Il va sans dire qu’un contenant attirant entraîne à découvrir le contenu inconnu. L’écrivain Daniel Rops en a parfaitement décrit le mécanisme dans un roman de 1934 où l’on suit la stratégie adoptée par l’héroïne : « Elle avait l’intention de laisser le volume comme par distraction, sur le guéridon ovale, où il avait déposé les livres qu’il venait d’acheter, avec l’argent de ses étrennes. Attiré par la joliesse de la reliure, nul doute qu’il le prendrait et essayerait de le lire. » Belle manœuvre pour inciter nos enfants à lire!

De manière un peu moins poétique, en 1895, c’est au tour de Lorrain d’évoquer dans Sensations et souvenirs un personnage qui, se levant soudainement en direction de la bibliothèque, prend « dans un rayon une merveilleuse reliure en peau de truie ». Encore un animal à signaler parce que, s’il est de fait coté pour la reliure, l’évocation d’une truie, reste évidemment un peu moins propice aux rêveries légères, c’est là toute l’injustice animale !

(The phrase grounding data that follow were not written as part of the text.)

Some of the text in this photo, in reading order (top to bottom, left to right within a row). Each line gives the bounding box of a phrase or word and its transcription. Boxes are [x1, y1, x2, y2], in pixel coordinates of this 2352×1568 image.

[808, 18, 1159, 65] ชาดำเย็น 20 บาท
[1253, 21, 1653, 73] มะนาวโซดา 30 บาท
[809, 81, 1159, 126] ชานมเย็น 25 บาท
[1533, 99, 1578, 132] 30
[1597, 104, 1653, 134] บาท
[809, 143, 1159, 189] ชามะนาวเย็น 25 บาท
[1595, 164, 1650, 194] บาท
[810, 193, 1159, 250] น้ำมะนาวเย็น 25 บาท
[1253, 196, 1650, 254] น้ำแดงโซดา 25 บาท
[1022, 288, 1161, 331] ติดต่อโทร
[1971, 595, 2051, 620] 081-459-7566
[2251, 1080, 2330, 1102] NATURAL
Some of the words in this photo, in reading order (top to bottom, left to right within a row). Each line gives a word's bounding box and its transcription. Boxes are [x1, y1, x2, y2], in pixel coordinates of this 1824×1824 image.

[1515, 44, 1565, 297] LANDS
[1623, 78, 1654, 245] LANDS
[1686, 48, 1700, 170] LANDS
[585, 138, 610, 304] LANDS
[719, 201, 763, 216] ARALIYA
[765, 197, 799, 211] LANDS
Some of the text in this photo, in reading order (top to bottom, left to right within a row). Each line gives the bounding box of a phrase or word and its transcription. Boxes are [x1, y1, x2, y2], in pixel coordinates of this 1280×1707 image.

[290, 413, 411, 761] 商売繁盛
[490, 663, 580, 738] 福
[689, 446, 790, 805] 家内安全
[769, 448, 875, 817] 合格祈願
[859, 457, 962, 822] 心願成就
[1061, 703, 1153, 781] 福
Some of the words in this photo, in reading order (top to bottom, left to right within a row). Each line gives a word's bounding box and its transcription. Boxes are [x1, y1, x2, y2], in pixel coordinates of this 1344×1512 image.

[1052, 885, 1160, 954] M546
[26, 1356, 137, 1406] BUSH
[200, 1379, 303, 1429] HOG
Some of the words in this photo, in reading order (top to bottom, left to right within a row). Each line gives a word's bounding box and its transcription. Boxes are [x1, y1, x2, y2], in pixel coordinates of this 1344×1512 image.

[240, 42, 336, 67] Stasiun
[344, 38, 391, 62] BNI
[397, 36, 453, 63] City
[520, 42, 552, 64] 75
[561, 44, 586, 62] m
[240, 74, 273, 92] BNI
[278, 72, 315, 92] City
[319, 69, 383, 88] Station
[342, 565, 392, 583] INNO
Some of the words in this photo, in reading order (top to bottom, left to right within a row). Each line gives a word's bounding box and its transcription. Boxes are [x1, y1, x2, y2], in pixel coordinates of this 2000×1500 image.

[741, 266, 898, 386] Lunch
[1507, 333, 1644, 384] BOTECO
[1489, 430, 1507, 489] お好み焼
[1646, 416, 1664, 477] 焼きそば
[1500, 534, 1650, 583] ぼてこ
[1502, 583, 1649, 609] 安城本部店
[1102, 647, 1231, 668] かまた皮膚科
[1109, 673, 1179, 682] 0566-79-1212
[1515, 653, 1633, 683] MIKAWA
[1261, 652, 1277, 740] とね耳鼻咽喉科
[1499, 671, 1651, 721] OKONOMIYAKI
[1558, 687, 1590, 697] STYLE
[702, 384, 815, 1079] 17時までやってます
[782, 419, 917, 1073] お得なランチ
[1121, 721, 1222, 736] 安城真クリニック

À propos de poésie, qui se souvient du livre poétique de Lesné, en six chants, consacré à La Reliure ? Certes, un livre relié en plein chagrin, donc en cuir grenu de peau de mouton ou de chèvre, a de quoi faire rêver. D’où le bon mot de Michel Laclos, jamais triste, proposant aux cruciverbistes la définition suivante du relieur : merveilleux « Exploiteur de chagrin » !

Texte de Jean Pruvost.

Jean Pruvost est professeur des Universités à l’Université de Cergy-Pontoise. Il y enseigne la linguistique et notamment la lexicologie et la lexicographie. Il y dirige aussi un laboratoire CNRS/Université de Cergy-Pontoise (Métadif, UMR 8127) consacré aux dictionnaires et à leur histoire.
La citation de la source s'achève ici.